What the task requires: Print the listing exactly as it stands. Skip every picture.

Records to use:

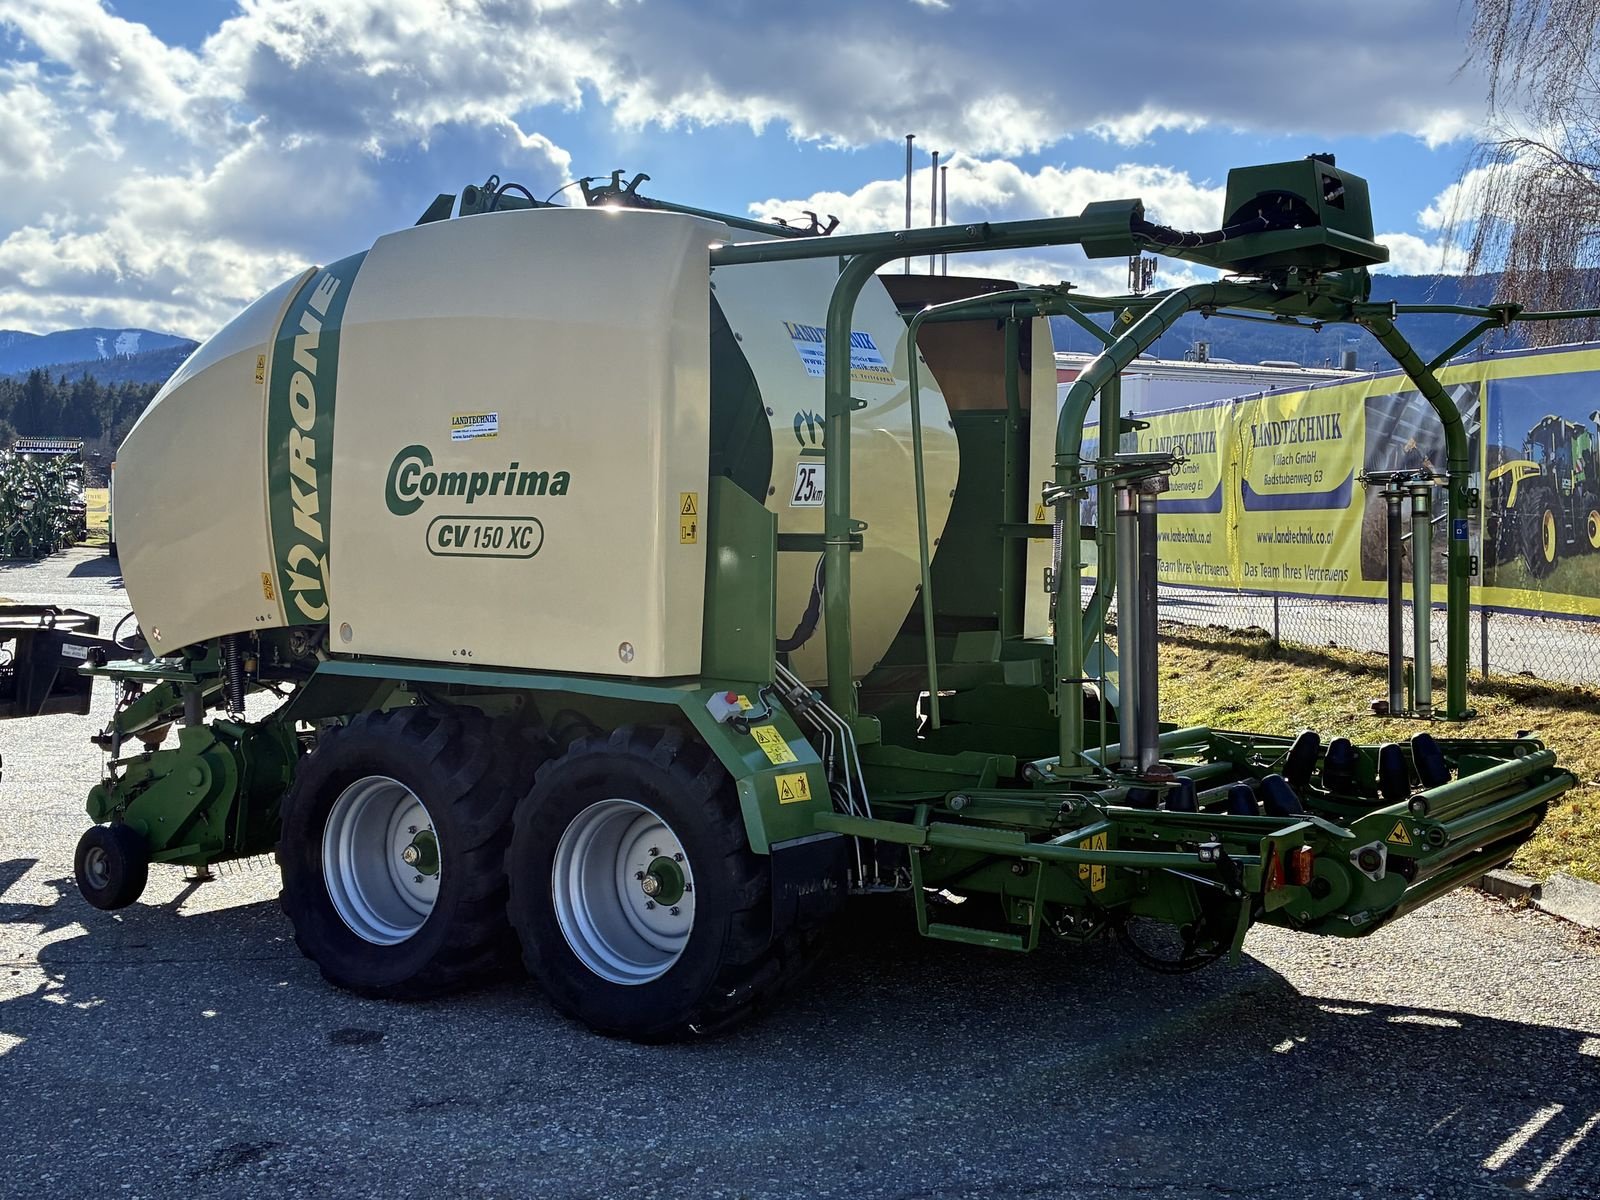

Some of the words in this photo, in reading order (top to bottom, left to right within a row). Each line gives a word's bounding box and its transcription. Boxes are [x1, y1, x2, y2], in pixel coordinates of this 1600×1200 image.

[783, 320, 877, 350] LANDTNIK
[289, 272, 341, 542] KRONE
[452, 414, 497, 425] LANDTECHNIK
[1251, 413, 1342, 448] LANDTECHNIK
[1149, 431, 1217, 455] LANDTECHNIK
[1295, 451, 1317, 465] GmbH
[385, 444, 571, 516] Comprima
[795, 467, 816, 502] 25
[812, 486, 823, 501] km
[1264, 473, 1312, 486] Badstubenweg
[1313, 470, 1323, 483] 63
[438, 525, 471, 547] CV
[474, 527, 503, 548] 150
[506, 526, 533, 549] XC
[1177, 559, 1192, 574] Ihres
[1193, 561, 1229, 577] Vertrauens
[1244, 562, 1258, 577] Das
[1260, 562, 1280, 578] Team
[1283, 563, 1302, 579] Ihres
[1304, 564, 1349, 582] Vertrauens

Solution to this task:
Some of the words in this photo, in reading order (top to bottom, left to right within a row). Each line gives a word's bounding box and its transcription. Boxes are [x1, y1, x2, y2], in pixel coordinates of this 1600×1200 image.

[783, 320, 877, 350] LANDTNIK
[289, 272, 341, 542] KRONE
[452, 414, 497, 425] LANDTECHNIK
[1251, 413, 1342, 448] LANDTECHNIK
[1149, 431, 1217, 455] LANDTECHNIK
[1295, 451, 1317, 465] GmbH
[385, 444, 571, 516] Comprima
[795, 467, 816, 502] 25
[812, 486, 823, 501] km
[1264, 473, 1312, 486] Badstubenweg
[1313, 470, 1323, 483] 63
[438, 525, 471, 547] CV
[474, 527, 503, 548] 150
[506, 526, 533, 549] XC
[1177, 559, 1192, 574] Ihres
[1193, 561, 1229, 577] Vertrauens
[1244, 562, 1258, 577] Das
[1260, 562, 1280, 578] Team
[1283, 563, 1302, 579] Ihres
[1304, 564, 1349, 582] Vertrauens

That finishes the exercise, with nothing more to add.